Metadata-Version: 2.4
Name: symclatron
Version: 0.10.10
Summary: symclatron: symbiont classifier
Keywords: bioinformatics,machine-learning,symbiosis,microbiology,classification,genomics
Author-email: "Juan C. Villada" <jvillada@lbl.gov>
Requires-Python: >=3.12,<3.13
Description-Content-Type: text/markdown
Classifier: Intended Audience :: Science/Research
Classifier: Topic :: Scientific/Engineering :: Bio-Informatics
Classifier: Programming Language :: Python :: 3.12
Classifier: Operating System :: MacOS :: MacOS X
Classifier: Operating System :: POSIX :: Linux
License-File: LICENSE
Requires-Dist: typer>=0.12.3,<0.13
Requires-Dist: click>=8.1,<8.2
Requires-Dist: pandas>=2.2.2,<2.3
Requires-Dist: numpy>=1.26.4,<2.0
Requires-Dist: xgboost>=2.1.1,<2.2
Requires-Dist: shap>=0.45.1,<0.46
Requires-Dist: scikit-learn==1.6.0
Requires-Dist: tensorflow-cpu>=2.18.0,<2.19
Requires-Dist: joblib>=1.4.2,<1.5
Requires-Dist: pyhmmer>=0.12.0,<0.13
Requires-Dist: pyrodigal>=3.6.0,<3.7
Requires-Dist: psutil>=6.0,<8.0
Project-URL: Bug Tracker, https://github.com/NeLLi-team/symclatron/issues
Project-URL: Documentation, https://github.com/NeLLi-team/symclatron#readme
Project-URL: Homepage, https://github.com/NeLLi-team/symclatron
Project-URL: Repository, https://github.com/NeLLi-team/symclatron

# symclatron: symbiont classifier

![Figure 1](assets/fig_1_main.png)

`symclatron` classifies microbial genomes into three lifestyle categories:

- `Free-living`
- `Symbiont;Host-associated`
- `Symbiont;Obligate-intracellular`

It accepts protein FASTA directly, or nucleotide FASTA with automatic conversion to proteins before classification.

## What symclatron implements

For each genome, `symclatron` currently performs the following workflow:

1. Validates the input FASTA file(s) and checks that genome identifiers derived from filenames are unique.
2. Detects whether each input file contains proteins, nucleotide genes/CDS, or nucleotide contigs/assemblies.
3. Converts nucleotide input to proteins.
   - Gene/CDS FASTA (`.ffn`, `.fnn`) is translated in frame.
   - Contig/assembly FASTA (`.fa`, `.fas`, `.fasta`, `.fna`) is gene-called and translated with `pyrodigal`.
4. Runs HMM searches against the `symclatron` feature set and the `UNI56` marker set.
5. Builds feature matrices for the `symcla`, `symreg`, and `hostcla` XGBoost submodels.
6. Computes additional distance-based features relative to the training data.
7. Applies the final neural-network model to produce the reported class and confidence score.
8. Optionally relabels low-confidence predictions as `Unknown` when `--confidence-threshold` is provided.
9. Writes final tables, summaries, logs, and optional intermediate files.

The final reported class is produced by the neural-network stage.
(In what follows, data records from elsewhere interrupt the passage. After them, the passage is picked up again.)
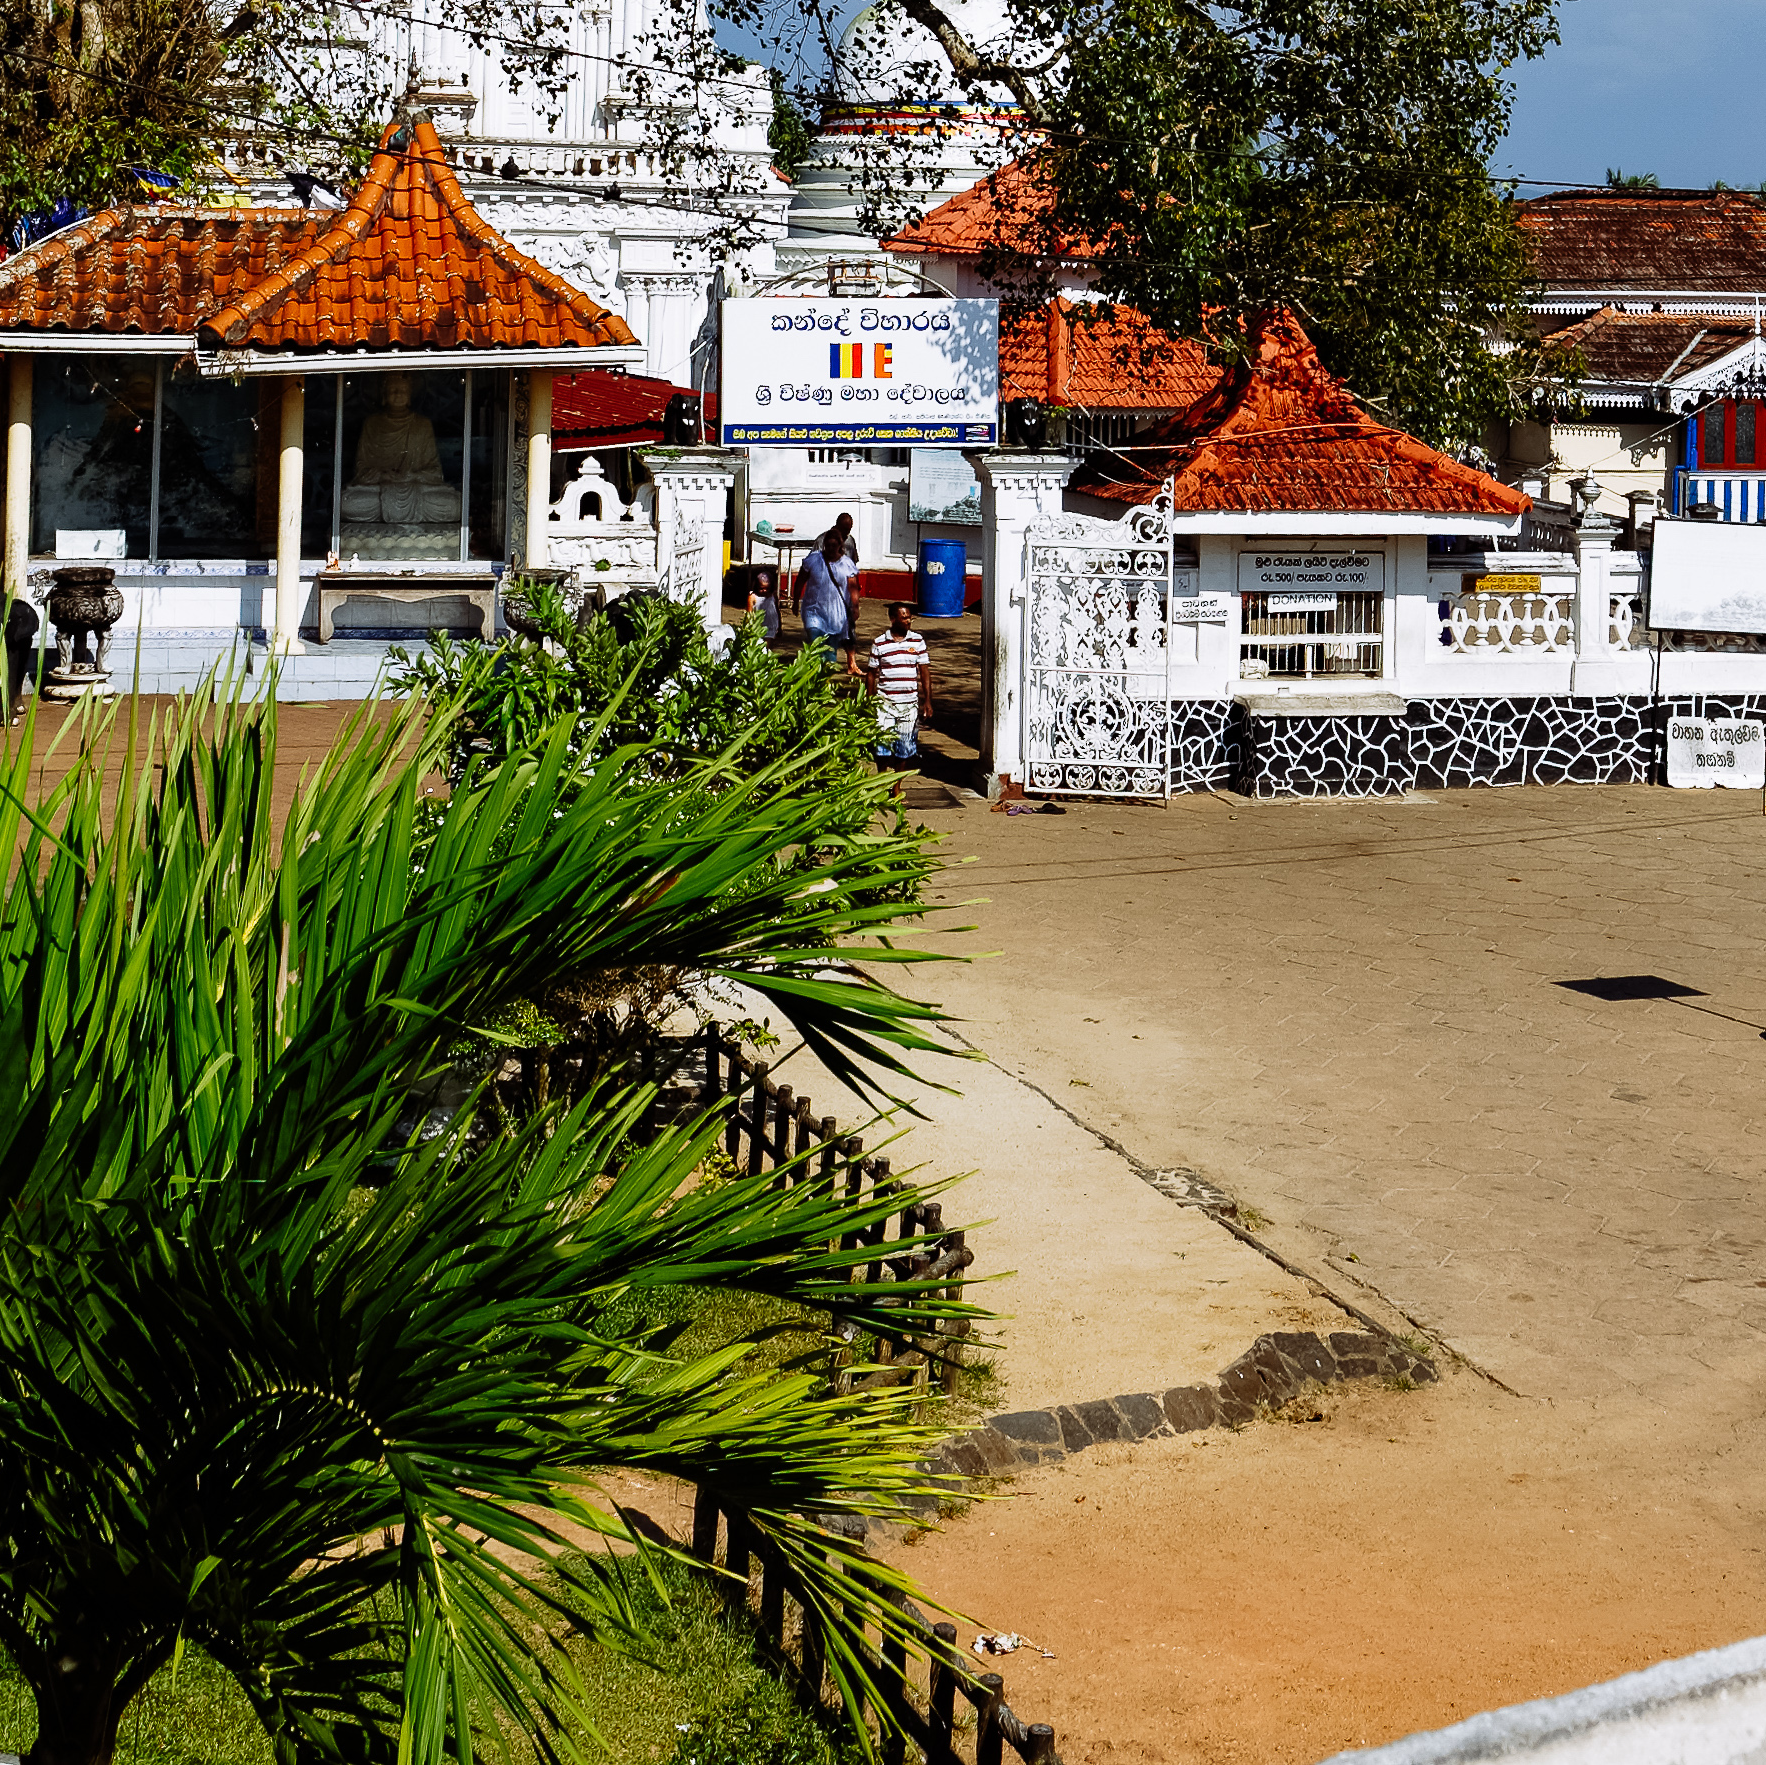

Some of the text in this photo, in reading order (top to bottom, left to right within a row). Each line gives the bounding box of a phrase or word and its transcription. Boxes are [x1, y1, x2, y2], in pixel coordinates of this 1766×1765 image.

[771, 308, 951, 337] කන්දේ විහාරය
[840, 385, 879, 401] මහා
[886, 384, 966, 405] දේවාලය
[1272, 593, 1333, 605] DONATION
[1671, 723, 1704, 741] වාහන
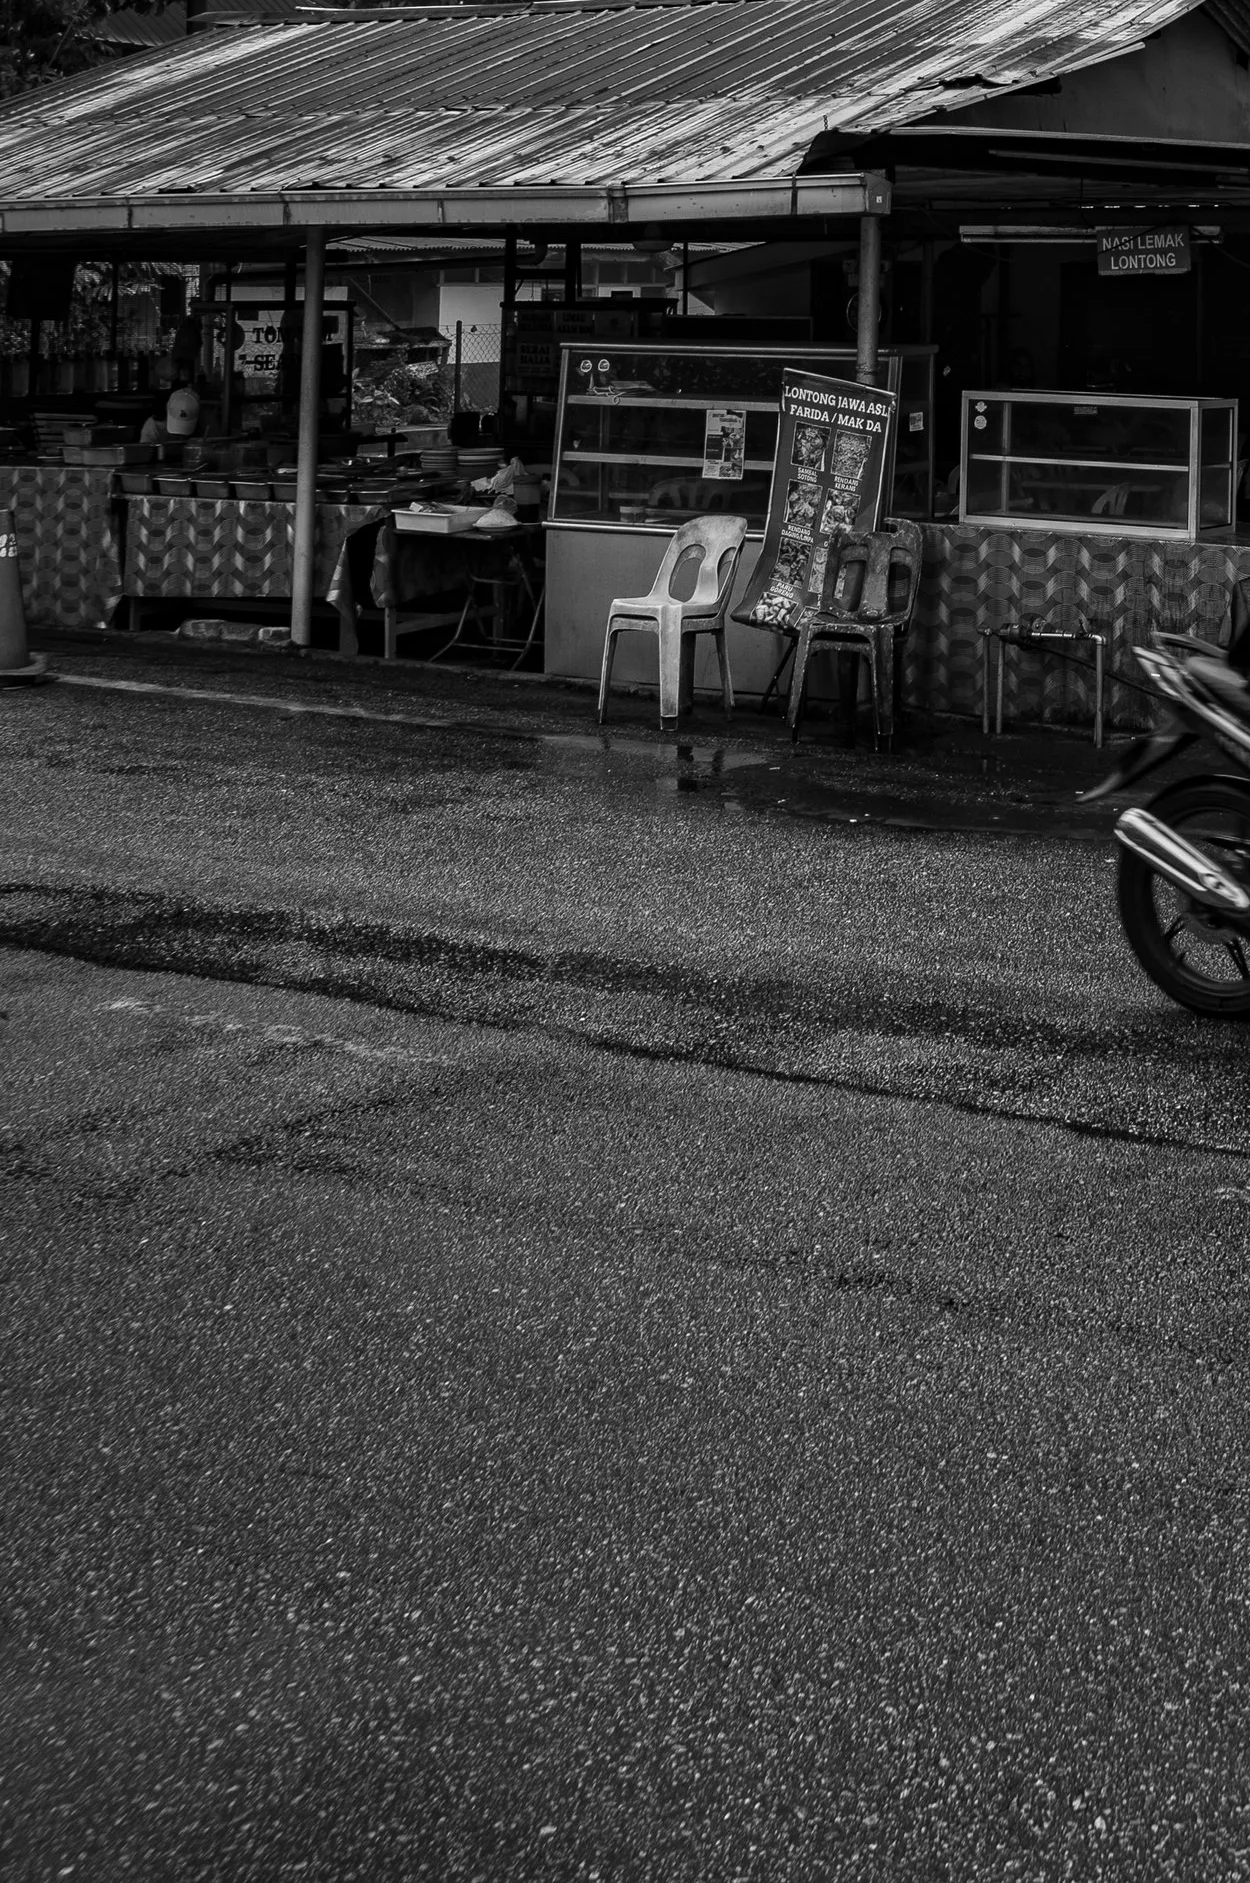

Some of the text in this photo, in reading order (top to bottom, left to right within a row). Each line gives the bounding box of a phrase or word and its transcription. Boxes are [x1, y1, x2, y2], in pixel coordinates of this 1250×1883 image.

[1138, 234, 1184, 249] LEMAK
[1111, 253, 1176, 270] LONTONG
[784, 386, 836, 406] LONTONG
[837, 396, 866, 413] JAWA
[790, 404, 830, 423] FARIDA
[837, 414, 865, 430] MAK
[865, 419, 882, 433] DA
[797, 473, 817, 483] SOTONG
[834, 476, 859, 487] RENDANG
[769, 586, 794, 599] GORENG
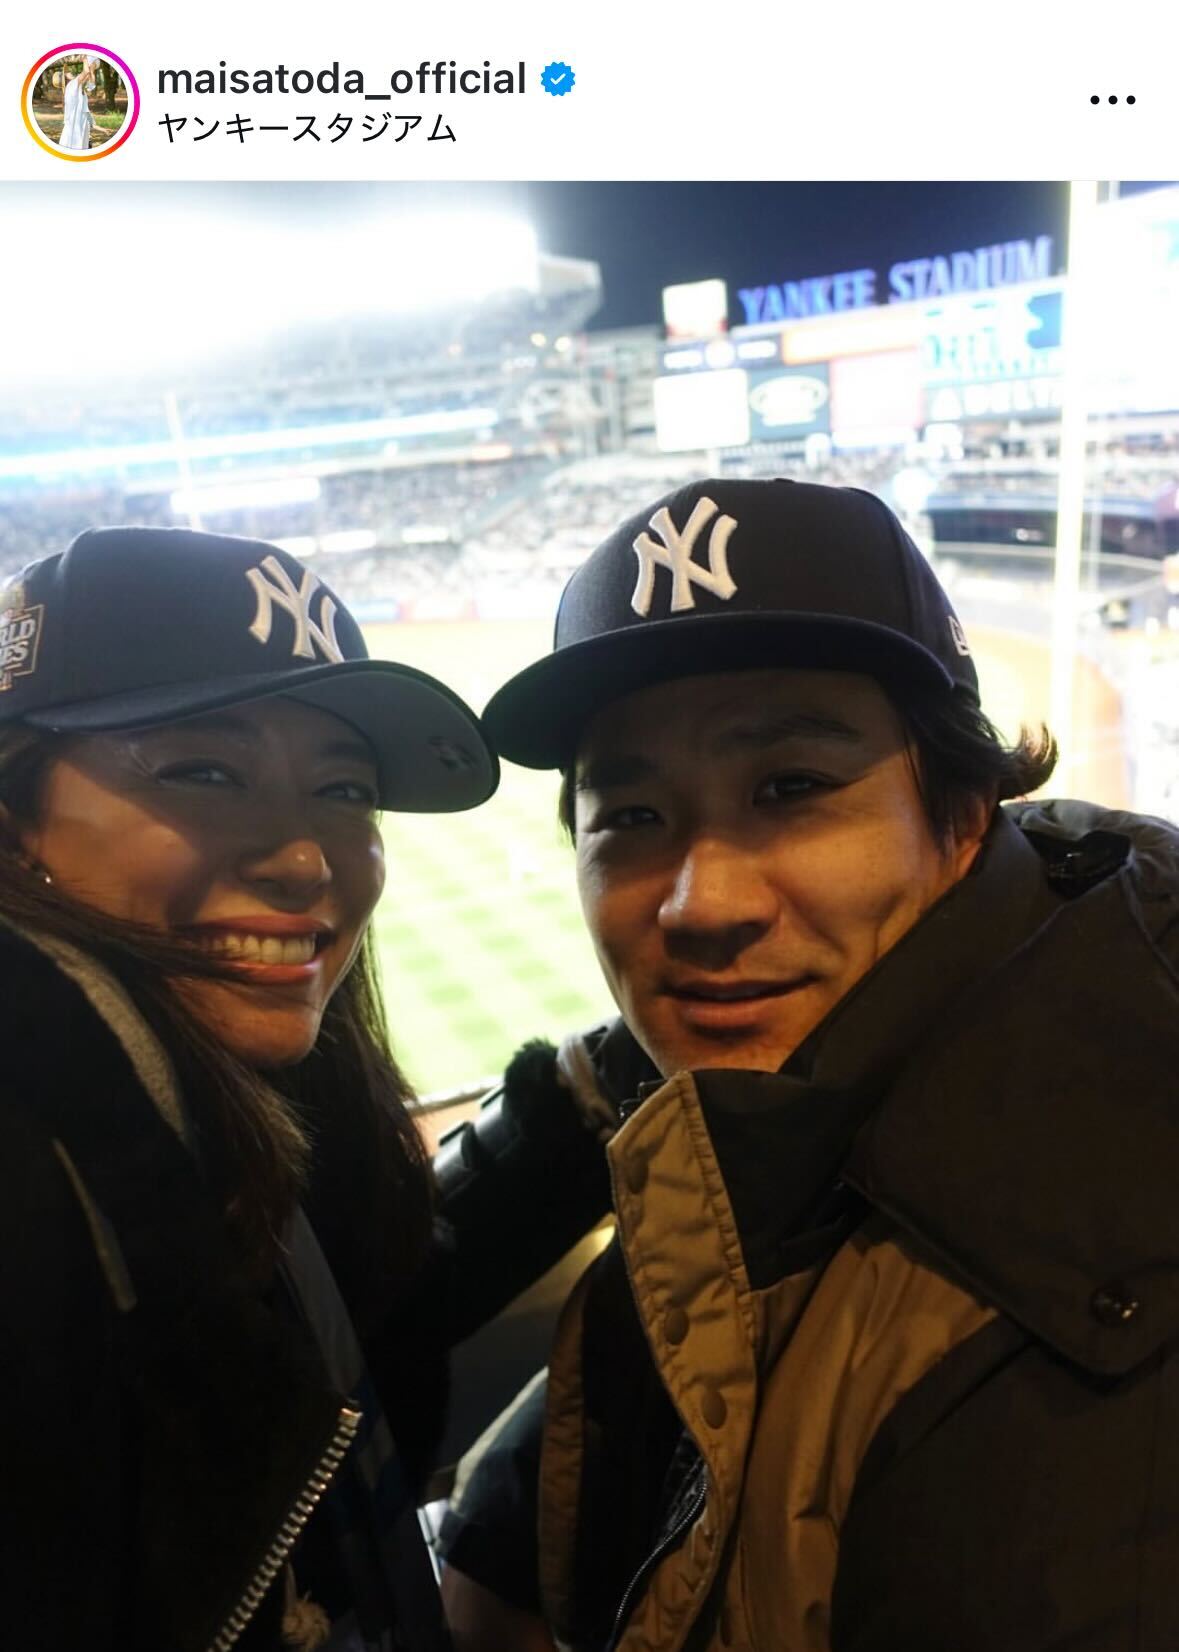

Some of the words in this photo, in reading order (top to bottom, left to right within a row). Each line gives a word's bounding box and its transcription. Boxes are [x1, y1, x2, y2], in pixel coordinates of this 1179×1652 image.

[738, 269, 876, 325] YANKEE
[889, 236, 1053, 303] STADIUM
[246, 555, 345, 664] NY
[631, 496, 738, 617] NY
The `hostcla` model is still run and its intermediate bitscore table is retained in the output directory.

## Installation

The project metadata currently targets Python `3.12` on Linux and Apple Silicon macOS (`osx-arm64`, including M1-M5). The recommended install path is `pixi`; `mamba`/`conda` also works.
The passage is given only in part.